Directions - With pictures left out, only the lines from the one containing "this 2000×833 image." through the end of the records should be reproduced exactly, please.

Records provided -
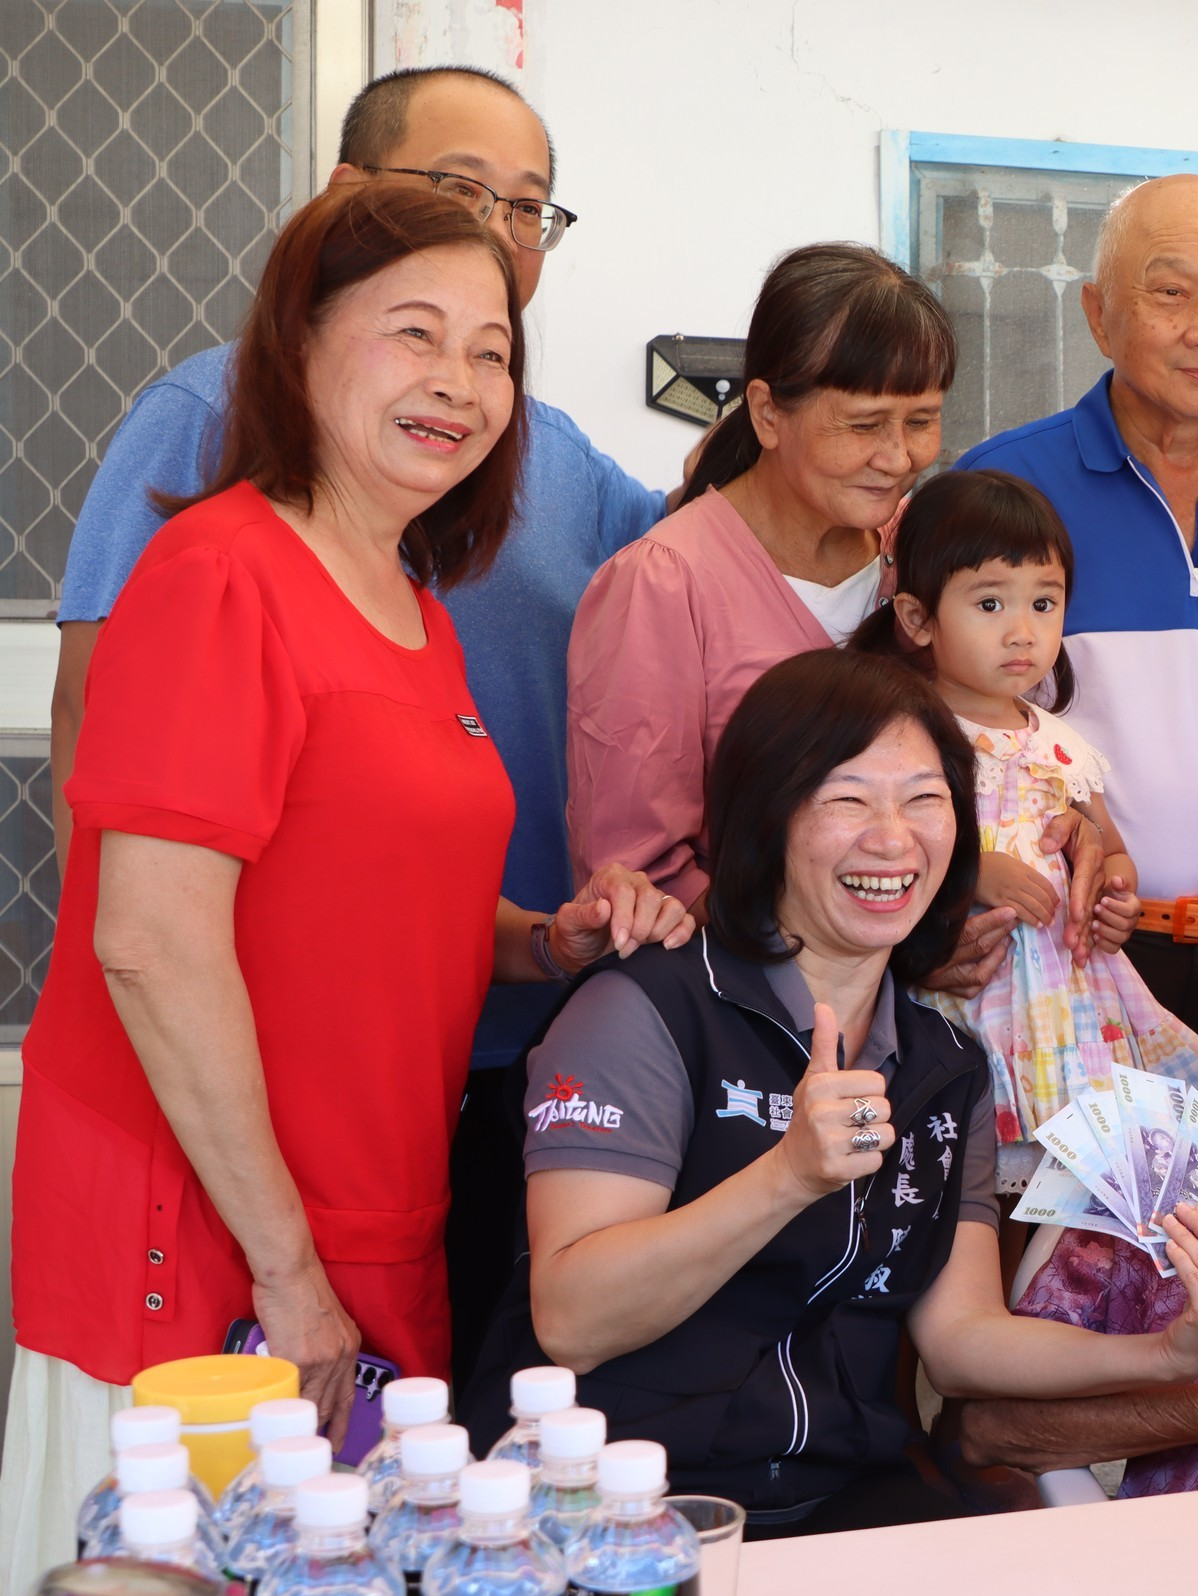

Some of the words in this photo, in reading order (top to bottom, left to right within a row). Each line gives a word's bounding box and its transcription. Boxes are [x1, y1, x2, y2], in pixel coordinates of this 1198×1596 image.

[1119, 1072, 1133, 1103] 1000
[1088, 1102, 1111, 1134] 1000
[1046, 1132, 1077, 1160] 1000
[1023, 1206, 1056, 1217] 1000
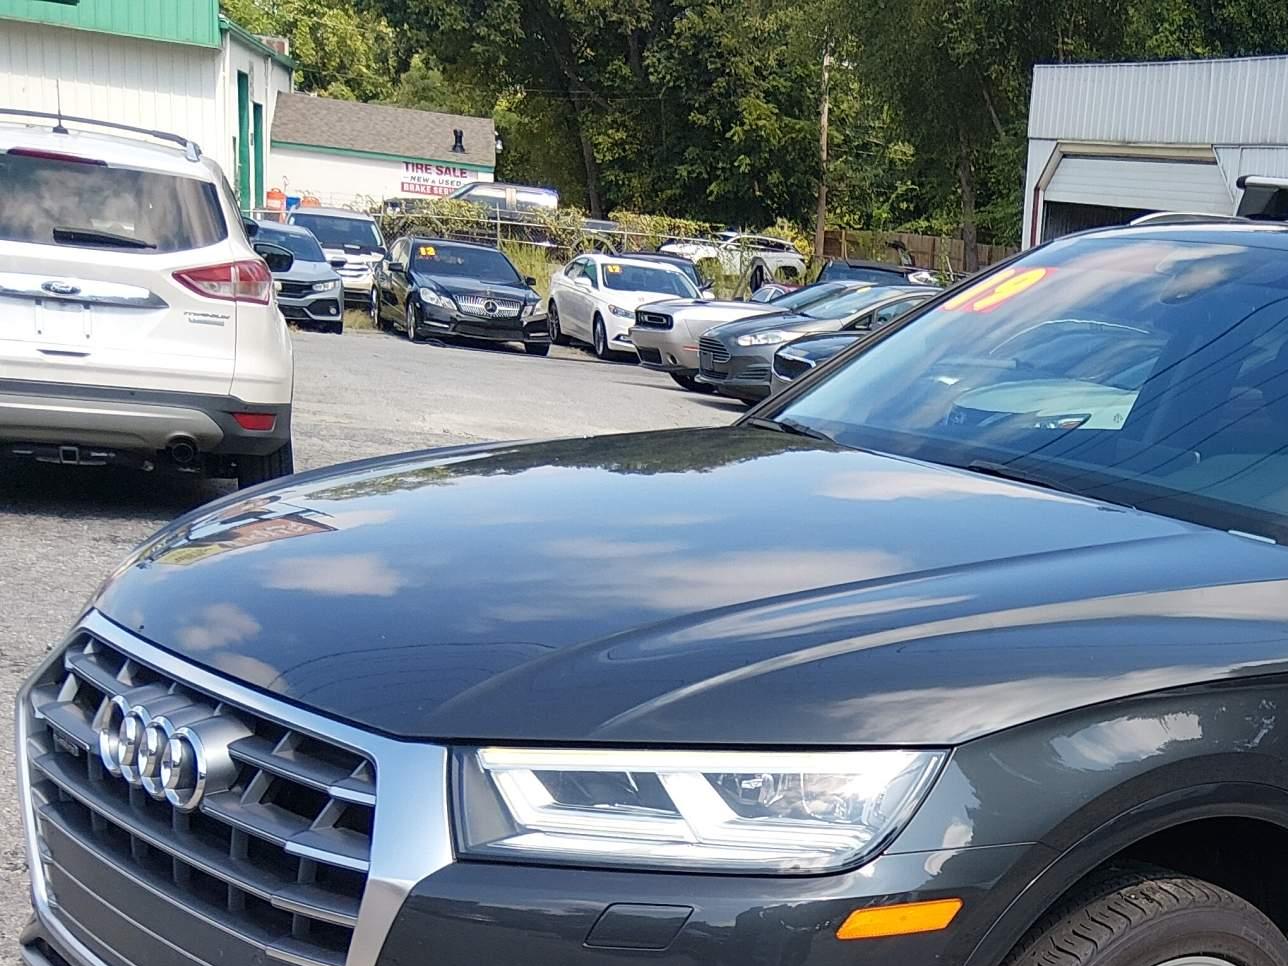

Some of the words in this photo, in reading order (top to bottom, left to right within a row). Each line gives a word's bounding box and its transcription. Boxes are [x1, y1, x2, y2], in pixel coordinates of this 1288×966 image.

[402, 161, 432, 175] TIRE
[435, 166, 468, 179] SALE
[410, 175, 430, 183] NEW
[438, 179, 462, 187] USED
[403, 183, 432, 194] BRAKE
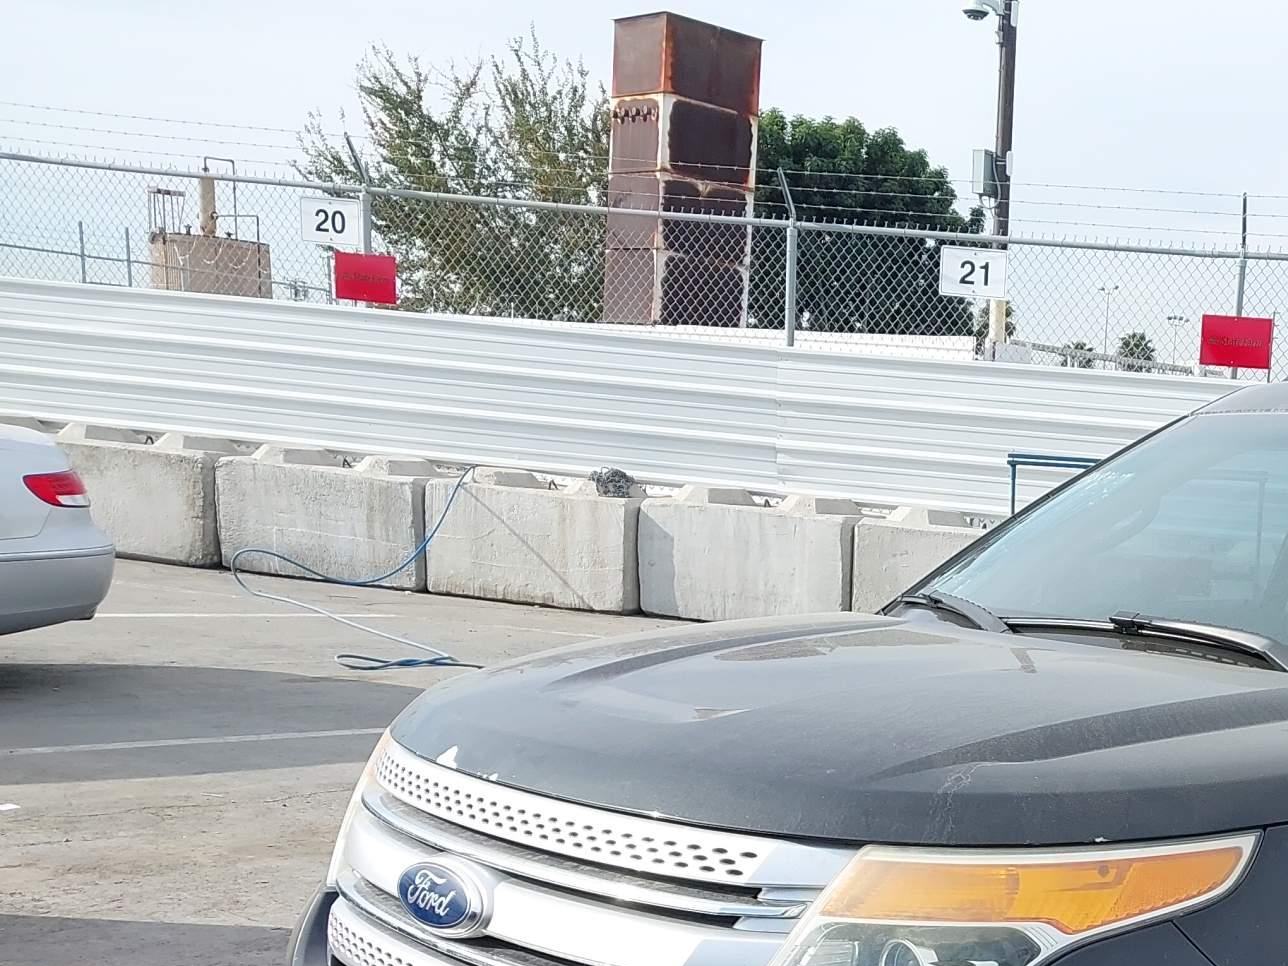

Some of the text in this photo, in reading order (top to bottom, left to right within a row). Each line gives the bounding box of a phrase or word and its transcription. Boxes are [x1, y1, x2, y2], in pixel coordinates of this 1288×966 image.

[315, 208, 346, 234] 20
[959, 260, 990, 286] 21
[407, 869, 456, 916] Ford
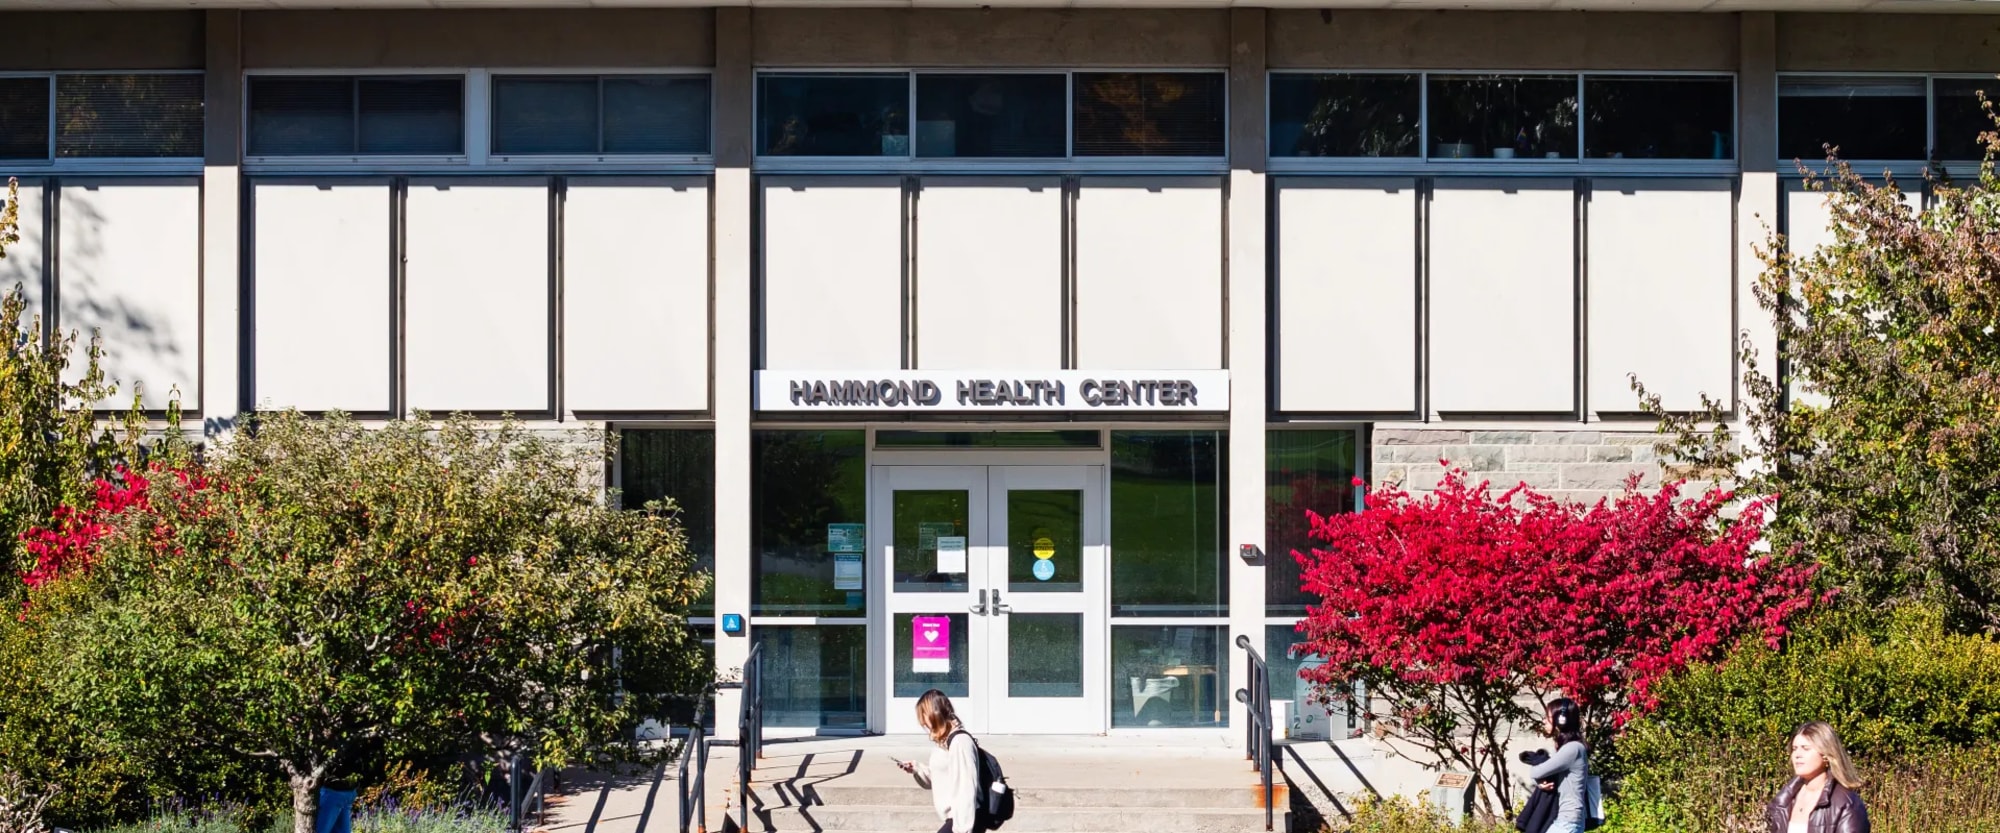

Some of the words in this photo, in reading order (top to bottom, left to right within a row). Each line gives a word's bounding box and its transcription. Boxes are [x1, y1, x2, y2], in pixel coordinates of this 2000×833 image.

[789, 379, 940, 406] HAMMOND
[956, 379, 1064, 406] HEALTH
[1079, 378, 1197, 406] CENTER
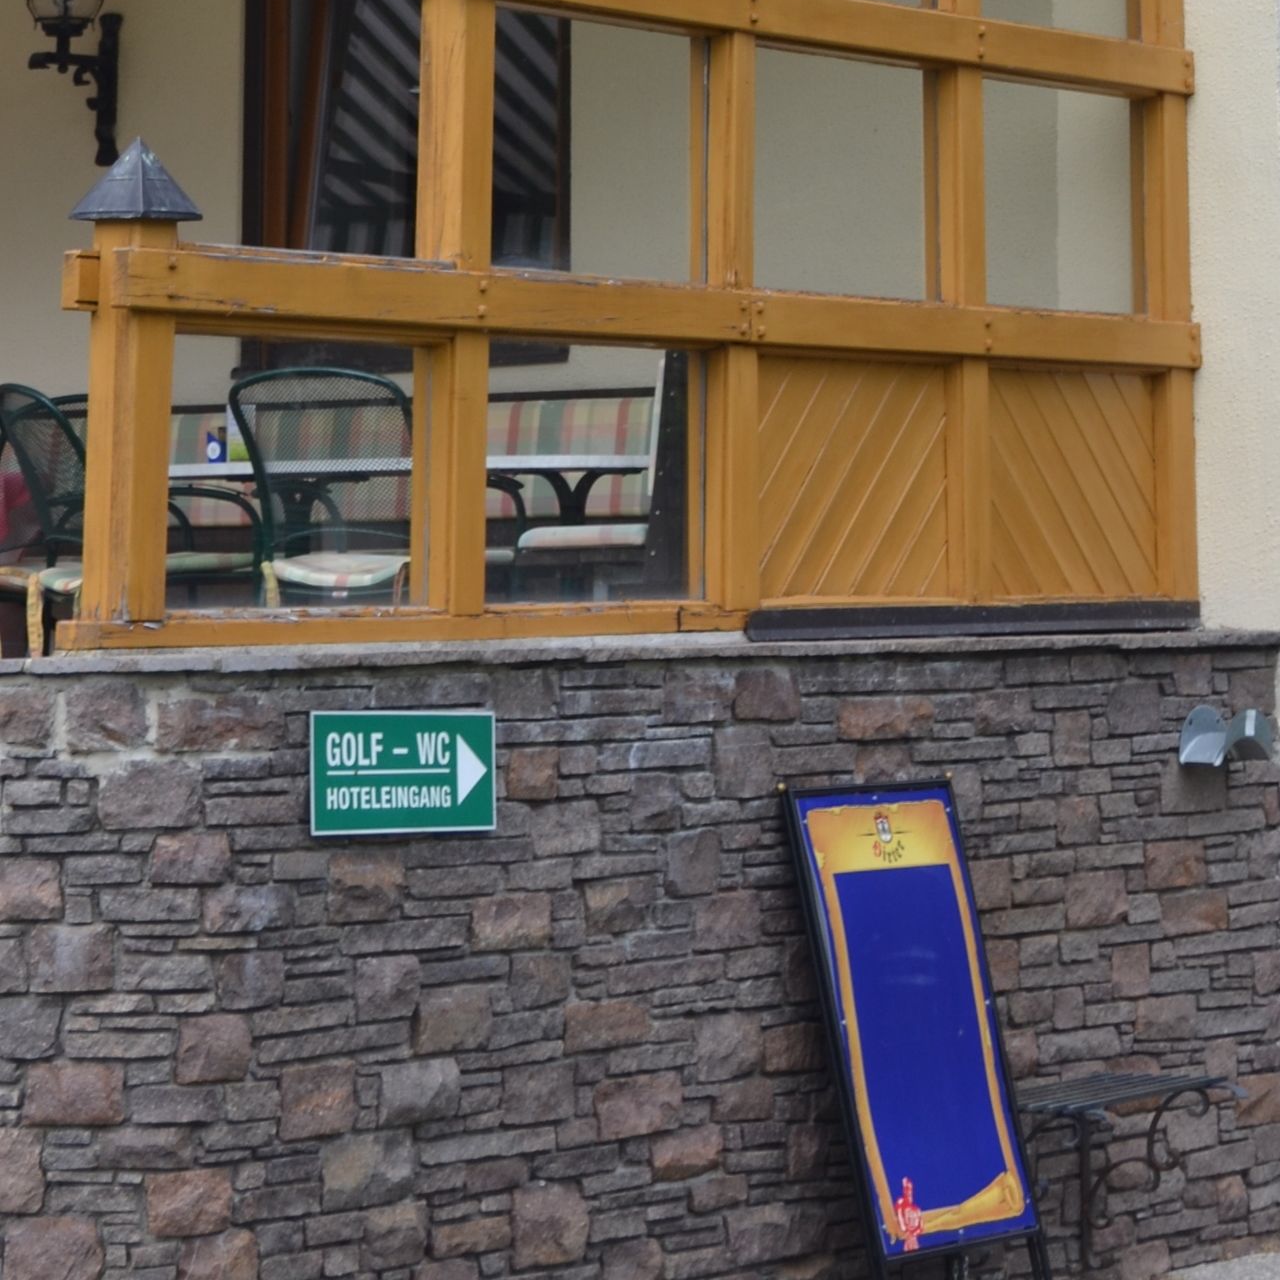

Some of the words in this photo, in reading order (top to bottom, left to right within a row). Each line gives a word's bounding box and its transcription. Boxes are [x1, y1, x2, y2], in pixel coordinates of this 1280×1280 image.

Finished exercise -
Some of the words in this photo, in reading order (top to bottom, left to right within a row). Each line gives a word's bounding box and its transcription. Boxes are [x1, y1, x2, y2], in pixel coordinates of this 2000×833 image.

[789, 379, 940, 406] HAMMOND
[956, 379, 1064, 406] HEALTH
[1079, 378, 1197, 406] CENTER

Some of the words in this photo, in reading order (top to bottom, left to right within a row). Each line gives a word's bounding box and its transcription. Boxes are [x1, y1, x2, y2], in pixel coordinates of this 1280×1280 image.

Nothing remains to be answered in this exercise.